Have no doubt. If we make plans in Turkey for the course of the world economy, consider our advantages and dis- advantages; this means that many companies all over the world also make plans with better opportunities. They also try to analyse the advantages and disadvantages of production in Turkey. We should think about the question, “Instead of only making plans to increase our export in this period, can we take strategic partners to our companies in this environment with limited capital?” For example, Chinese companies have started to struggle to get into the certain markets, especially to America as a result of the trade wars in this period, and they can shift a certain part of their production to a country like Turkey and prefer to seem like a company producing in there instead of China. Indeed, we know very well that Chinese companies acquired many companies manufacturing in North Italy after the global crisis in 2008. It is even said that the employees brought by China to Italy are among the reasons for the rapid spread of the virus in Italy. In this new period, Turkey can be an important production base not only for the Chinese companies but for a lot of international companies subcontracting in China as well.

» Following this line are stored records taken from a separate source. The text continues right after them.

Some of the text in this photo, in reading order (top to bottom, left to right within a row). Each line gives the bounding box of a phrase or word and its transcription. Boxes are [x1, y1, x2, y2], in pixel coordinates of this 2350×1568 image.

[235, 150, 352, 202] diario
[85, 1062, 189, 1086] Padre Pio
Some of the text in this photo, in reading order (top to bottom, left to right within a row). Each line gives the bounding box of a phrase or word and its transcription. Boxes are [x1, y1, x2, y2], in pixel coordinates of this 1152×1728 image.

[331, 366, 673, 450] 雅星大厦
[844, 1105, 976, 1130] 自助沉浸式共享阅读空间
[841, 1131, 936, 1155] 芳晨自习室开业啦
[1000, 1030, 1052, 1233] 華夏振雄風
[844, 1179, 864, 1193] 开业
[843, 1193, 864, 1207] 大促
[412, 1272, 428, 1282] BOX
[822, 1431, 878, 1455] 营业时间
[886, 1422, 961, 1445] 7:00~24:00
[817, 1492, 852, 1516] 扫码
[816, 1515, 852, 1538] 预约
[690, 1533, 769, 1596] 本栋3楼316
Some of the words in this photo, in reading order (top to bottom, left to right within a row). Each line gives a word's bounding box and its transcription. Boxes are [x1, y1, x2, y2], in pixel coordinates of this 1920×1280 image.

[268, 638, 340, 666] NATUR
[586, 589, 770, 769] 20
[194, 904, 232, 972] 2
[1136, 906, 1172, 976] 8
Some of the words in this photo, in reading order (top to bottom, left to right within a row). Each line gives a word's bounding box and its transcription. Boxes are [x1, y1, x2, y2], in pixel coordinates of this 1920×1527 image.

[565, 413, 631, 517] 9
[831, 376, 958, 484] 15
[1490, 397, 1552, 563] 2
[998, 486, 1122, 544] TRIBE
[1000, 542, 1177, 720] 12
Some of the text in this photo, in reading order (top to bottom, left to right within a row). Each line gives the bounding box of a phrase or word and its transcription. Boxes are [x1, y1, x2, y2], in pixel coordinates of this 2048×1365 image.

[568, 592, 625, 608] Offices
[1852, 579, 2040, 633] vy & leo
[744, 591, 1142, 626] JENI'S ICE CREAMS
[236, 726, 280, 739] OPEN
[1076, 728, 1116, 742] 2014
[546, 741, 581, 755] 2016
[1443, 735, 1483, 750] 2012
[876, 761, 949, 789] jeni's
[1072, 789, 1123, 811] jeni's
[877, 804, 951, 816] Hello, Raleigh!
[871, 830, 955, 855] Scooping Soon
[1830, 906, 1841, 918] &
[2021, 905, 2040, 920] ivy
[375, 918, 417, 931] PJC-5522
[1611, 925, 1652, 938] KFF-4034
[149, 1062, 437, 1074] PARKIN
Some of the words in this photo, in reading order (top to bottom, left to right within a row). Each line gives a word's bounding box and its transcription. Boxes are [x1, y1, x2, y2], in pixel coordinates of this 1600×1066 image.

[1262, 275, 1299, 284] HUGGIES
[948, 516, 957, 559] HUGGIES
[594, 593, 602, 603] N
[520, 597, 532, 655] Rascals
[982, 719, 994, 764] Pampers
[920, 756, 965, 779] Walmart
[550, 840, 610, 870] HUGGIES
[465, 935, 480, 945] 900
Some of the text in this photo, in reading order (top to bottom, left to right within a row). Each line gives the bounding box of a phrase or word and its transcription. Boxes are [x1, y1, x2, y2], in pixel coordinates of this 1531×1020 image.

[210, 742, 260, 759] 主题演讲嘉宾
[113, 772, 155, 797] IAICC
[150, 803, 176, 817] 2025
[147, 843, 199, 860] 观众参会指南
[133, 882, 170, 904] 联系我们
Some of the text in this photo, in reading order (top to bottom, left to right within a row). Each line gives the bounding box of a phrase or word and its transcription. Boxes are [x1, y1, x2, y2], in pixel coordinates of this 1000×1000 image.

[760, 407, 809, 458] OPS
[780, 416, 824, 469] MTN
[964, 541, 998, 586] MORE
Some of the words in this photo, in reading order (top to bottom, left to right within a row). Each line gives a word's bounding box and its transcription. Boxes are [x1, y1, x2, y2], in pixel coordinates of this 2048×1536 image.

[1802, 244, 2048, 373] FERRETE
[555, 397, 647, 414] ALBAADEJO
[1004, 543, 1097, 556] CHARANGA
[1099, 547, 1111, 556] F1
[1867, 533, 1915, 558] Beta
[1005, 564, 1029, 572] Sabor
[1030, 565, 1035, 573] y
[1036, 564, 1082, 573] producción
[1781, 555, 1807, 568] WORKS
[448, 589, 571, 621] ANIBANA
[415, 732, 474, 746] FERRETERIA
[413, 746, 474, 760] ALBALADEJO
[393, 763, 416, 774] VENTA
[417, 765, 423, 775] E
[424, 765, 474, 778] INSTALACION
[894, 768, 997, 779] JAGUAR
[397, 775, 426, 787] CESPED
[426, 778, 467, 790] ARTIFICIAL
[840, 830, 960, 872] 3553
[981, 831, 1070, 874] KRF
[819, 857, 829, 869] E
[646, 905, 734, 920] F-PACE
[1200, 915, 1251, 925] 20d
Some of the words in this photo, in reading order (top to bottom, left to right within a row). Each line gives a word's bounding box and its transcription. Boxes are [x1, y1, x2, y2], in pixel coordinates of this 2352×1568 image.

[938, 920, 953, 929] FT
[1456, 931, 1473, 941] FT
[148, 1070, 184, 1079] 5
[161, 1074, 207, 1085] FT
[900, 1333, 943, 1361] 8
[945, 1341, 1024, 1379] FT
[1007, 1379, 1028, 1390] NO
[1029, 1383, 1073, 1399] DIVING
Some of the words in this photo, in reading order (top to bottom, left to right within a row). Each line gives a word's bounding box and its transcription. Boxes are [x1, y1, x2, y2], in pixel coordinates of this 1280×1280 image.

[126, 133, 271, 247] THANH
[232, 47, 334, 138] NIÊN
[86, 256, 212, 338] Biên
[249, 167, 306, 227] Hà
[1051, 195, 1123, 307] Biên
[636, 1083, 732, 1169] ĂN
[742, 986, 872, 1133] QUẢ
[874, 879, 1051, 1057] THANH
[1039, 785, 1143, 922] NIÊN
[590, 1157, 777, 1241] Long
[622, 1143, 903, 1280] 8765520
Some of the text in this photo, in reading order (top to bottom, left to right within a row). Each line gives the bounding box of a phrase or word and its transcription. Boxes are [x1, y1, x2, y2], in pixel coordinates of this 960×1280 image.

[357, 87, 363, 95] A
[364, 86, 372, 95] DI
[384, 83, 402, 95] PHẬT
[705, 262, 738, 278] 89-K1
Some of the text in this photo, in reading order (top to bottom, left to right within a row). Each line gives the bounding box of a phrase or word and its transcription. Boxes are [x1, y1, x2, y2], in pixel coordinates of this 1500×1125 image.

We better look at the trade and production with a win-win strategy. One of the reasons for this negative perception of China is because the country always prioritises its own interests instead of this win-win mindset. And it doesn’t seem easy for the country to change this habit right away. In fact, companies in Turkey are easier to work with in this regard. Wouldn’t it be better to get a bigger share from a large cake instead of having a tiny cake all to ourselves?
Turkey stands out as a powerful partner that needs capital but can make the cake bigger with its successful production and labour. Our companies have been doing this for now, albeit partially. Today, many companies in Turkey carry out productions with their European partners and export to Europe and the third world countries. That’s why, we should ask the question, “Instead of focusing on local production and export, how can we increase our global production and sales networks through international partnerships?” We are entering a period in which we should not only think about exporting to third world countries but also investing in other countries with our financially strong international partners, considering that the local production and production diversity as a global trend will increase. I wish you all to be entrepreneurs that can go beyond the negativity but stays at home of today and seize the opportunities; wish you all good health and peace.